===== DATASET CONTENT
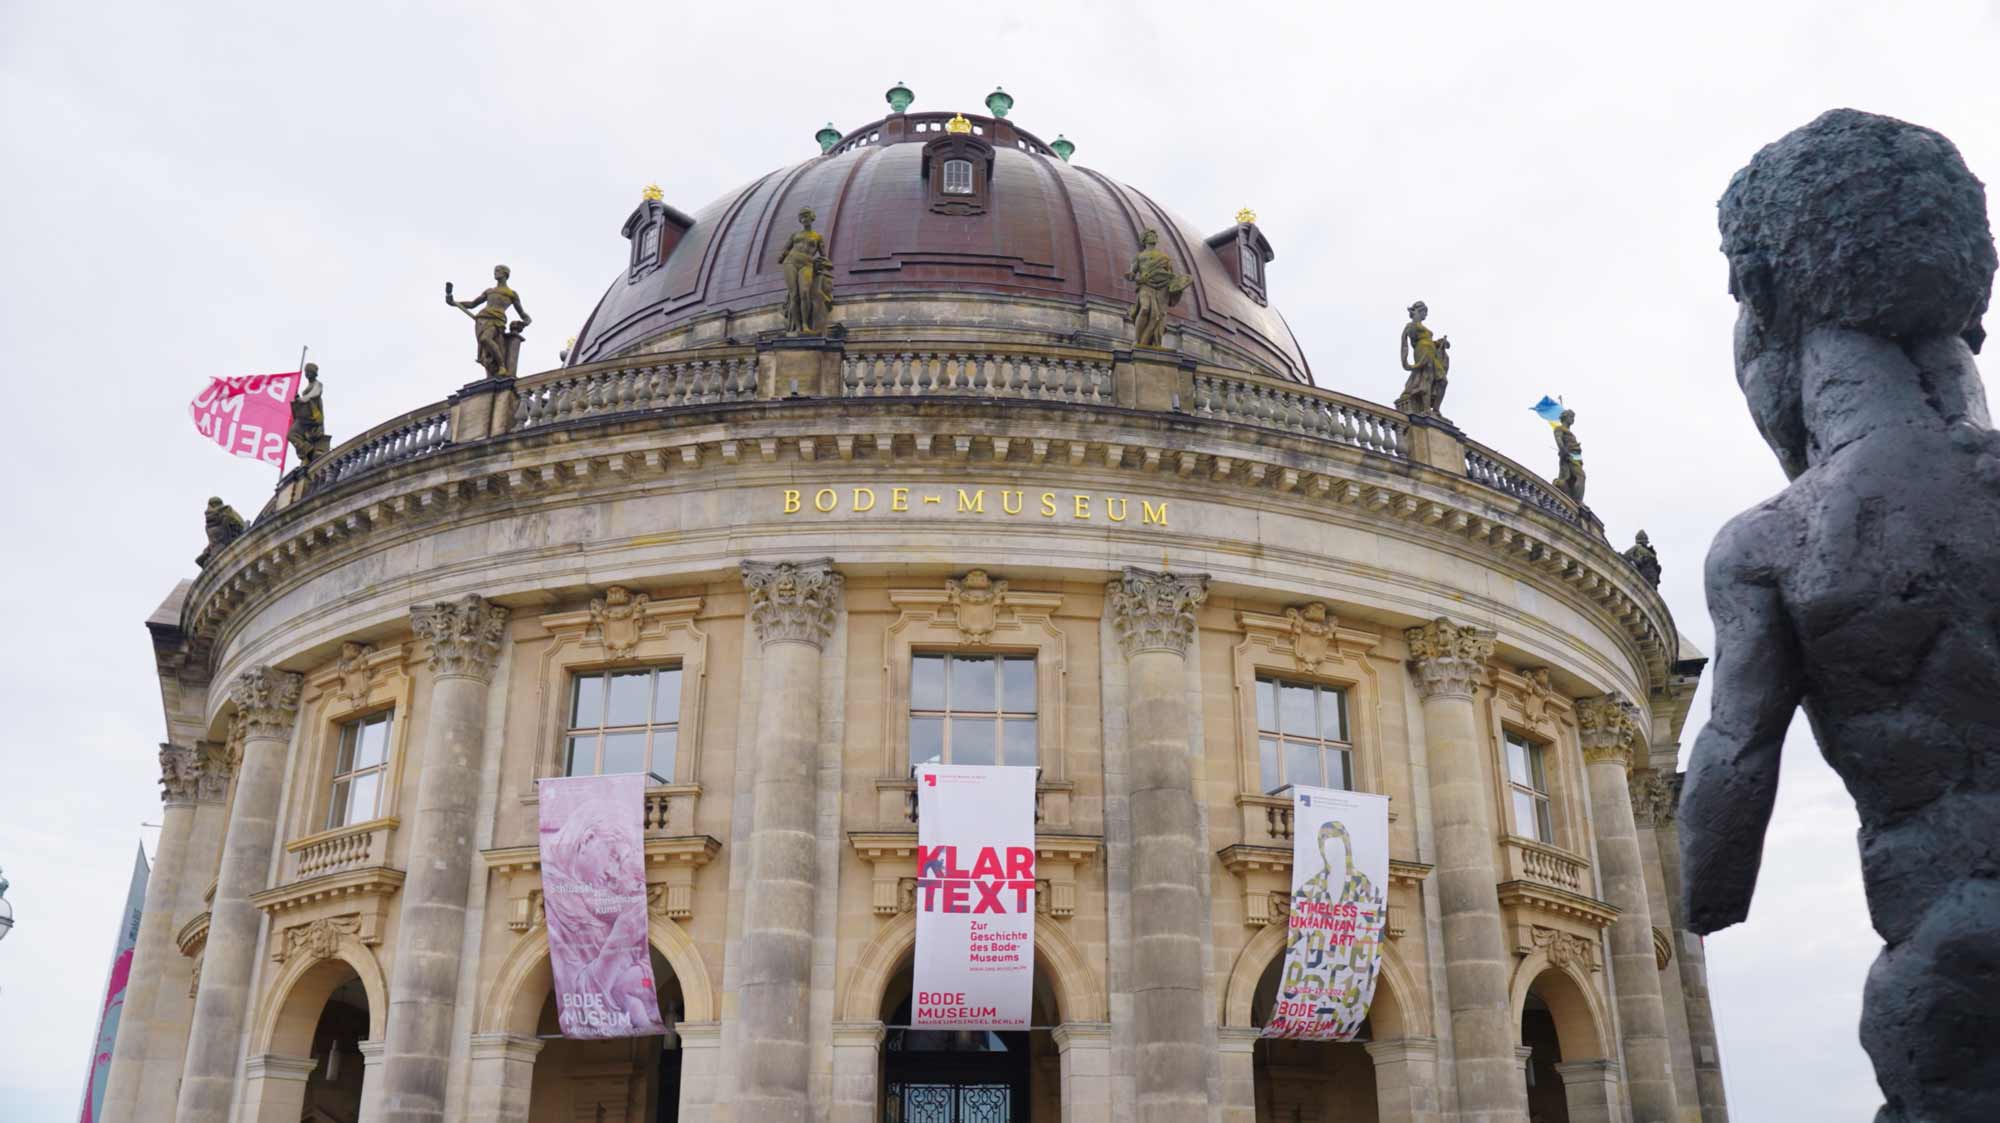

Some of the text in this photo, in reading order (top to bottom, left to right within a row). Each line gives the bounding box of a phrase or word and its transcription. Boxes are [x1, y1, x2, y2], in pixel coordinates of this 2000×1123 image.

[783, 488, 1169, 525] BODE-MUSEUM
[918, 846, 1034, 879] KLAR
[918, 880, 1035, 913] TEXT
[1299, 901, 1358, 918] TIMELESS
[971, 921, 988, 930] Zur
[970, 931, 1028, 941] Geschichte
[1329, 933, 1355, 946] ART
[970, 942, 1020, 951] des Bode-
[970, 953, 1019, 962] Museums
[562, 993, 604, 1008] BODE
[919, 991, 966, 1005] BODE
[918, 1007, 996, 1018] MUSEUM
[1278, 1001, 1317, 1017] BODE
[565, 1010, 632, 1026] MUSEUM
[1272, 1018, 1336, 1032] MUSEUM
==========
ACTIVITY: Set down all of the material above exactly as written, leaving the pictures out.

REPLY:
Some of the text in this photo, in reading order (top to bottom, left to right within a row). Each line gives the bounding box of a phrase or word and its transcription. Boxes are [x1, y1, x2, y2], in pixel coordinates of this 2000×1123 image.

[783, 488, 1169, 525] BODE-MUSEUM
[918, 846, 1034, 879] KLAR
[918, 880, 1035, 913] TEXT
[1299, 901, 1358, 918] TIMELESS
[971, 921, 988, 930] Zur
[970, 931, 1028, 941] Geschichte
[1329, 933, 1355, 946] ART
[970, 942, 1020, 951] des Bode-
[970, 953, 1019, 962] Museums
[562, 993, 604, 1008] BODE
[919, 991, 966, 1005] BODE
[918, 1007, 996, 1018] MUSEUM
[1278, 1001, 1317, 1017] BODE
[565, 1010, 632, 1026] MUSEUM
[1272, 1018, 1336, 1032] MUSEUM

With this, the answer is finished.